- Source material -
§
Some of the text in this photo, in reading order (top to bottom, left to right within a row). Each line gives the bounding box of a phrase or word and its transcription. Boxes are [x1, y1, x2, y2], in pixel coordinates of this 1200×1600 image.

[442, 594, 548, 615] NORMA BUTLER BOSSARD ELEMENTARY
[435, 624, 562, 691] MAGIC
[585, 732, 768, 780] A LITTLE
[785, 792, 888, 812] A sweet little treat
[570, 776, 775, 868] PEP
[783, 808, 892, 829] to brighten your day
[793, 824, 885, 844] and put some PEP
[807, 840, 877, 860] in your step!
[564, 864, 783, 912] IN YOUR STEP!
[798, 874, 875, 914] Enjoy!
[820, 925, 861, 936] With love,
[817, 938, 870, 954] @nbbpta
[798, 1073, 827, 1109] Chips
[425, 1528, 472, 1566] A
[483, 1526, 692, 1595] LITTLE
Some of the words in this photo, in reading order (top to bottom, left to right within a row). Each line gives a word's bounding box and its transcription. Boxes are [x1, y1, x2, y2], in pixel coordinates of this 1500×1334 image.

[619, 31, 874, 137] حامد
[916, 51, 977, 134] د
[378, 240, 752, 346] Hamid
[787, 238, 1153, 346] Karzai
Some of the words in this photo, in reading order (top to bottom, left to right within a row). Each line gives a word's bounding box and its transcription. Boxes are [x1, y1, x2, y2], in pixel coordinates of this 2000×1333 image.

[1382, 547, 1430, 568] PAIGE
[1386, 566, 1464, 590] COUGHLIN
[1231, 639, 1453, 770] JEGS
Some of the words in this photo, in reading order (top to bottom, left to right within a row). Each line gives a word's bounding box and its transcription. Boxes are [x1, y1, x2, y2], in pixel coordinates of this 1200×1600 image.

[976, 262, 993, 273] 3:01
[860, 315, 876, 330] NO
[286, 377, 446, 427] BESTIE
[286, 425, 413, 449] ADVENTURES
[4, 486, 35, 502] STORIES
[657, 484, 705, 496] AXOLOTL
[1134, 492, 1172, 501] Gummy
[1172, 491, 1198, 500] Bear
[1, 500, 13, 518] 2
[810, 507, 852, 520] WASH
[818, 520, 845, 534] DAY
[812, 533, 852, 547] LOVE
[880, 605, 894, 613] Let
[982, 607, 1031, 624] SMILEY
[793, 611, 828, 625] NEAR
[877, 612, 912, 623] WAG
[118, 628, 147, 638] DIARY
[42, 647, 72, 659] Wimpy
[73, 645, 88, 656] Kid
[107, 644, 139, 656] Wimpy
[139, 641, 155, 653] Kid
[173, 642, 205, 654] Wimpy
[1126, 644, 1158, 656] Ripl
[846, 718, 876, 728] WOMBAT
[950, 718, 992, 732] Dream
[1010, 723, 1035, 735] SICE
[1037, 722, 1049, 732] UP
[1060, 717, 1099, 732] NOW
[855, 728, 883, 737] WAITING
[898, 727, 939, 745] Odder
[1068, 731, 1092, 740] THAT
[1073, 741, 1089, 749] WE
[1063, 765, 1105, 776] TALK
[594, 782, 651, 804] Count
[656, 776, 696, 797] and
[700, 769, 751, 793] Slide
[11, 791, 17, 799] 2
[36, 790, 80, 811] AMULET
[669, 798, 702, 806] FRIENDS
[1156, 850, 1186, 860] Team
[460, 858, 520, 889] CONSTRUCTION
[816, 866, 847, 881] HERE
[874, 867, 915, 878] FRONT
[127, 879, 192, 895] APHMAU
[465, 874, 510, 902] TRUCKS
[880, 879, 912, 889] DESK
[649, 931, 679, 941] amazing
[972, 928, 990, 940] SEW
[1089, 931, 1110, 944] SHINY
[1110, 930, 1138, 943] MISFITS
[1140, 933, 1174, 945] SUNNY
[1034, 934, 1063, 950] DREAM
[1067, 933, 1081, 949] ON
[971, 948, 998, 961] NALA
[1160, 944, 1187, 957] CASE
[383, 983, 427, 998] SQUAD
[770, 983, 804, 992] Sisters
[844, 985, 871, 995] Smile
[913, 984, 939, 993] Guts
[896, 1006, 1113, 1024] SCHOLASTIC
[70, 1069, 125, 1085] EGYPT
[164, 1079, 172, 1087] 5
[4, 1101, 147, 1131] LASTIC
§
- Problem details -
Take the material above and set it down again exactly.

- Answer below -
Some of the text in this photo, in reading order (top to bottom, left to right within a row). Each line gives the bounding box of a phrase or word and its transcription. Boxes are [x1, y1, x2, y2], in pixel coordinates of this 1200×1600 image.

[442, 594, 548, 615] NORMA BUTLER BOSSARD ELEMENTARY
[435, 624, 562, 691] MAGIC
[585, 732, 768, 780] A LITTLE
[785, 792, 888, 812] A sweet little treat
[570, 776, 775, 868] PEP
[783, 808, 892, 829] to brighten your day
[793, 824, 885, 844] and put some PEP
[807, 840, 877, 860] in your step!
[564, 864, 783, 912] IN YOUR STEP!
[798, 874, 875, 914] Enjoy!
[820, 925, 861, 936] With love,
[817, 938, 870, 954] @nbbpta
[798, 1073, 827, 1109] Chips
[425, 1528, 472, 1566] A
[483, 1526, 692, 1595] LITTLE
Some of the words in this photo, in reading order (top to bottom, left to right within a row). Each line gives a word's bounding box and its transcription. Boxes are [x1, y1, x2, y2], in pixel coordinates of this 1500×1334 image.

[619, 31, 874, 137] حامد
[916, 51, 977, 134] د
[378, 240, 752, 346] Hamid
[787, 238, 1153, 346] Karzai
Some of the words in this photo, in reading order (top to bottom, left to right within a row). Each line gives a word's bounding box and its transcription. Boxes are [x1, y1, x2, y2], in pixel coordinates of this 2000×1333 image.

[1382, 547, 1430, 568] PAIGE
[1386, 566, 1464, 590] COUGHLIN
[1231, 639, 1453, 770] JEGS
Some of the words in this photo, in reading order (top to bottom, left to right within a row). Each line gives a word's bounding box and its transcription. Boxes are [x1, y1, x2, y2], in pixel coordinates of this 1200×1600 image.

[976, 262, 993, 273] 3:01
[860, 315, 876, 330] NO
[286, 377, 446, 427] BESTIE
[286, 425, 413, 449] ADVENTURES
[4, 486, 35, 502] STORIES
[657, 484, 705, 496] AXOLOTL
[1134, 492, 1172, 501] Gummy
[1172, 491, 1198, 500] Bear
[1, 500, 13, 518] 2
[810, 507, 852, 520] WASH
[818, 520, 845, 534] DAY
[812, 533, 852, 547] LOVE
[880, 605, 894, 613] Let
[982, 607, 1031, 624] SMILEY
[793, 611, 828, 625] NEAR
[877, 612, 912, 623] WAG
[118, 628, 147, 638] DIARY
[42, 647, 72, 659] Wimpy
[73, 645, 88, 656] Kid
[107, 644, 139, 656] Wimpy
[139, 641, 155, 653] Kid
[173, 642, 205, 654] Wimpy
[1126, 644, 1158, 656] Ripl
[846, 718, 876, 728] WOMBAT
[950, 718, 992, 732] Dream
[1010, 723, 1035, 735] SICE
[1037, 722, 1049, 732] UP
[1060, 717, 1099, 732] NOW
[855, 728, 883, 737] WAITING
[898, 727, 939, 745] Odder
[1068, 731, 1092, 740] THAT
[1073, 741, 1089, 749] WE
[1063, 765, 1105, 776] TALK
[594, 782, 651, 804] Count
[656, 776, 696, 797] and
[700, 769, 751, 793] Slide
[11, 791, 17, 799] 2
[36, 790, 80, 811] AMULET
[669, 798, 702, 806] FRIENDS
[1156, 850, 1186, 860] Team
[460, 858, 520, 889] CONSTRUCTION
[816, 866, 847, 881] HERE
[874, 867, 915, 878] FRONT
[127, 879, 192, 895] APHMAU
[465, 874, 510, 902] TRUCKS
[880, 879, 912, 889] DESK
[649, 931, 679, 941] amazing
[972, 928, 990, 940] SEW
[1089, 931, 1110, 944] SHINY
[1110, 930, 1138, 943] MISFITS
[1140, 933, 1174, 945] SUNNY
[1034, 934, 1063, 950] DREAM
[1067, 933, 1081, 949] ON
[971, 948, 998, 961] NALA
[1160, 944, 1187, 957] CASE
[383, 983, 427, 998] SQUAD
[770, 983, 804, 992] Sisters
[844, 985, 871, 995] Smile
[913, 984, 939, 993] Guts
[896, 1006, 1113, 1024] SCHOLASTIC
[70, 1069, 125, 1085] EGYPT
[164, 1079, 172, 1087] 5
[4, 1101, 147, 1131] LASTIC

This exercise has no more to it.